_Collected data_
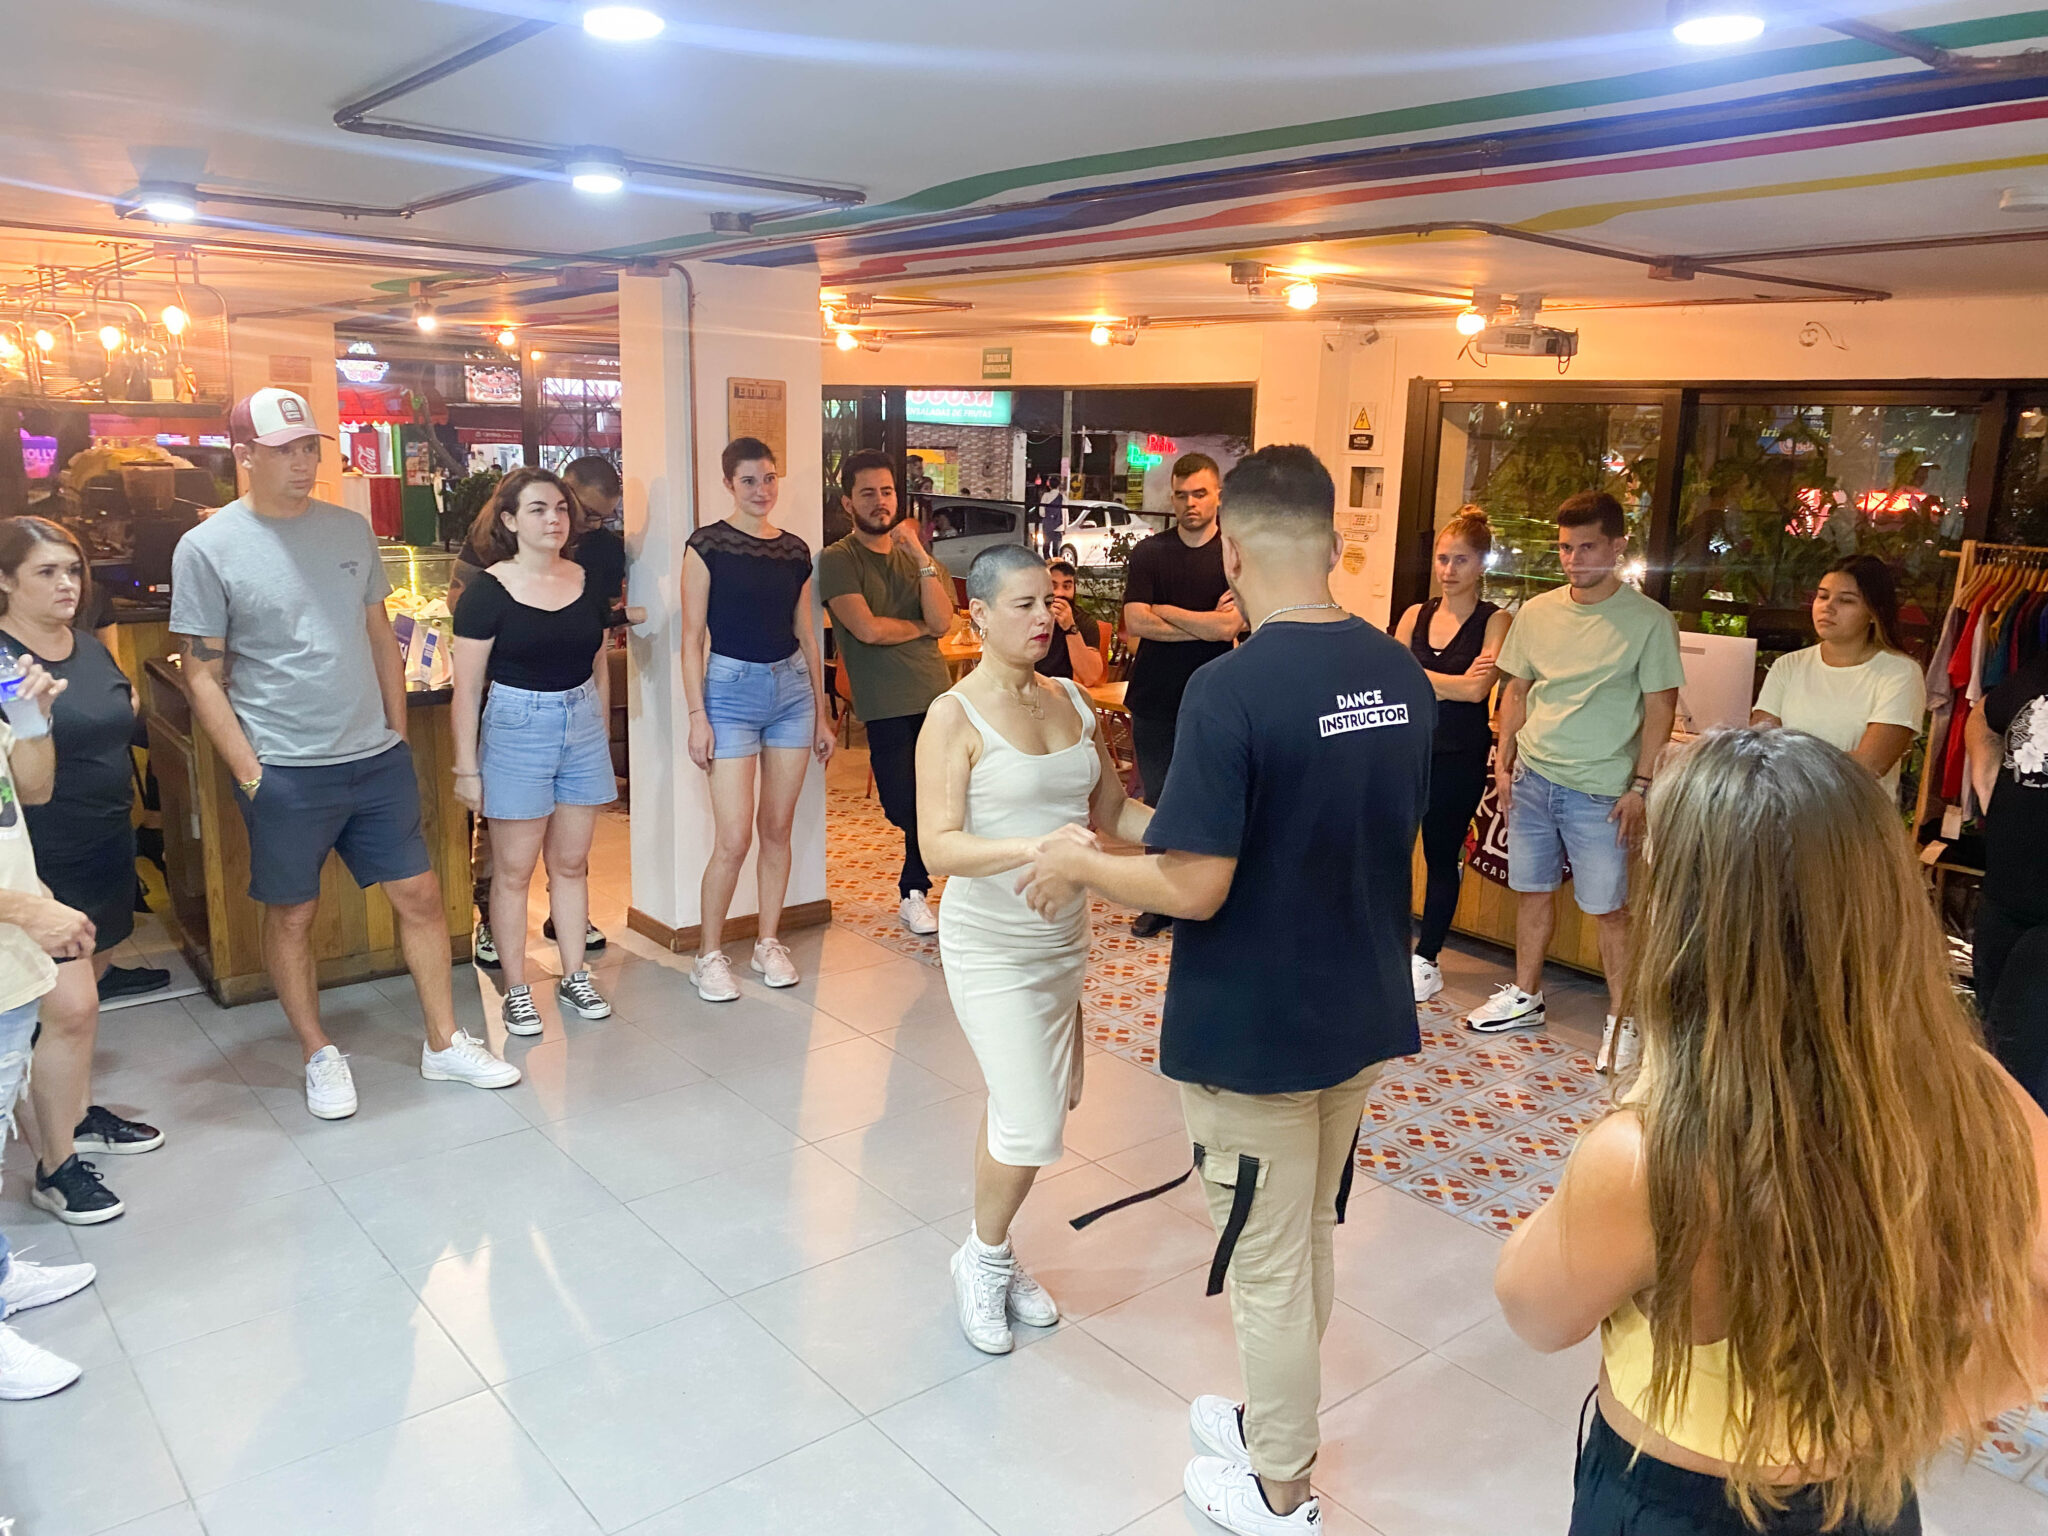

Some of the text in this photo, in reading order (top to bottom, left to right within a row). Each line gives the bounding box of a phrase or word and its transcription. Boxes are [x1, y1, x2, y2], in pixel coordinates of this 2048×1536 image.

[1336, 689, 1384, 710] DANCE
[1321, 705, 1408, 735] INSTRUCTOR
[1472, 856, 1509, 880] ACAD
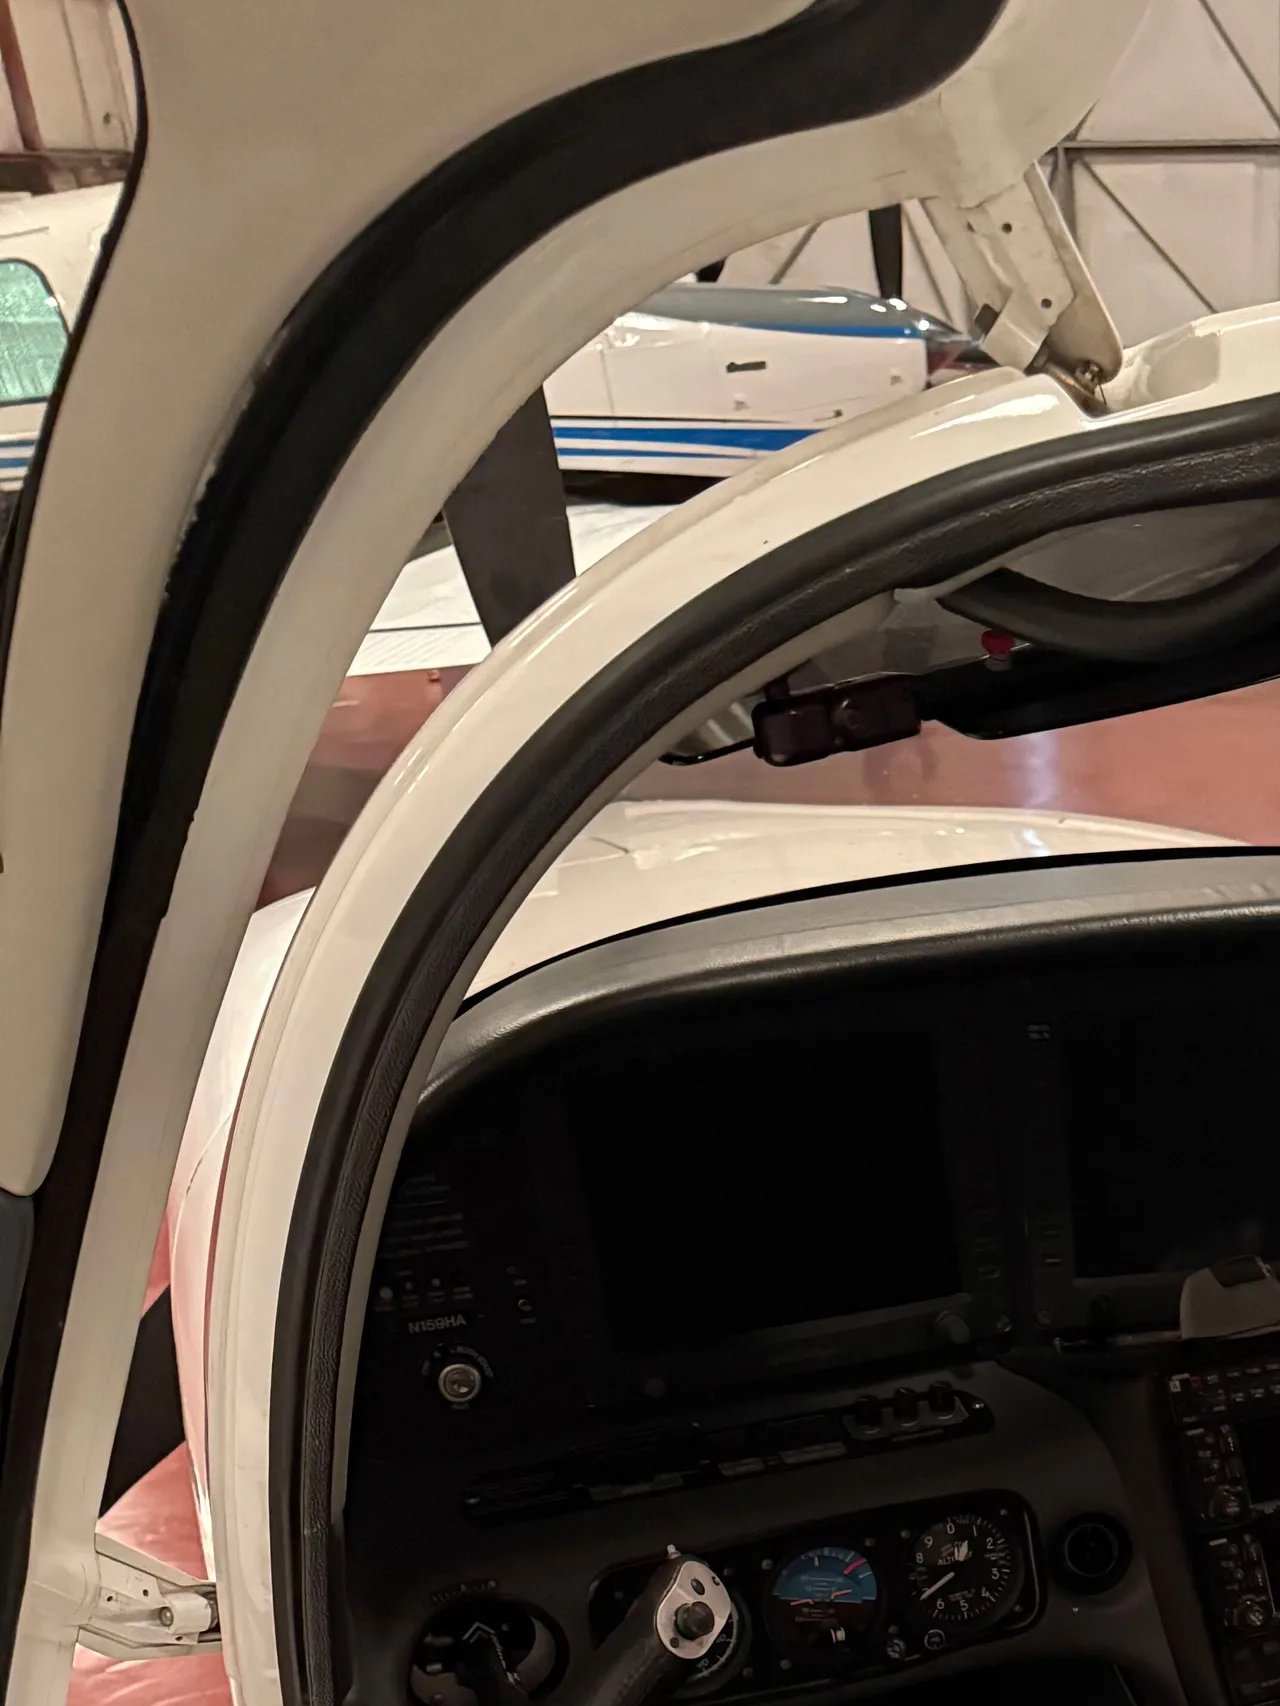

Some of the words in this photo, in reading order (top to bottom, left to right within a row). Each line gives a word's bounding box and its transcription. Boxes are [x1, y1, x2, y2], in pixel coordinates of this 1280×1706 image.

[946, 1523, 955, 1534] 0
[924, 1536, 933, 1548] 9
[986, 1537, 995, 1549] 2
[916, 1552, 923, 1563] 8
[936, 1598, 945, 1610] 6
[960, 1600, 968, 1611] 5

_Assignment_
Exactly as written, restate all of the data, leaving out the images.

_Answer space_
Some of the text in this photo, in reading order (top to bottom, left to right within a row). Each line gives the bounding box of a phrase or word and its transcription. Boxes are [x1, y1, x2, y2], in pixel coordinates of this 2048×1536 image.

[1336, 689, 1384, 710] DANCE
[1321, 705, 1408, 735] INSTRUCTOR
[1472, 856, 1509, 880] ACAD

Some of the words in this photo, in reading order (top to bottom, left to right within a row). Each line gives a word's bounding box and its transcription. Boxes are [x1, y1, x2, y2], in pixel coordinates of this 1280×1706 image.

[946, 1523, 955, 1534] 0
[924, 1536, 933, 1548] 9
[986, 1537, 995, 1549] 2
[916, 1552, 923, 1563] 8
[936, 1598, 945, 1610] 6
[960, 1600, 968, 1611] 5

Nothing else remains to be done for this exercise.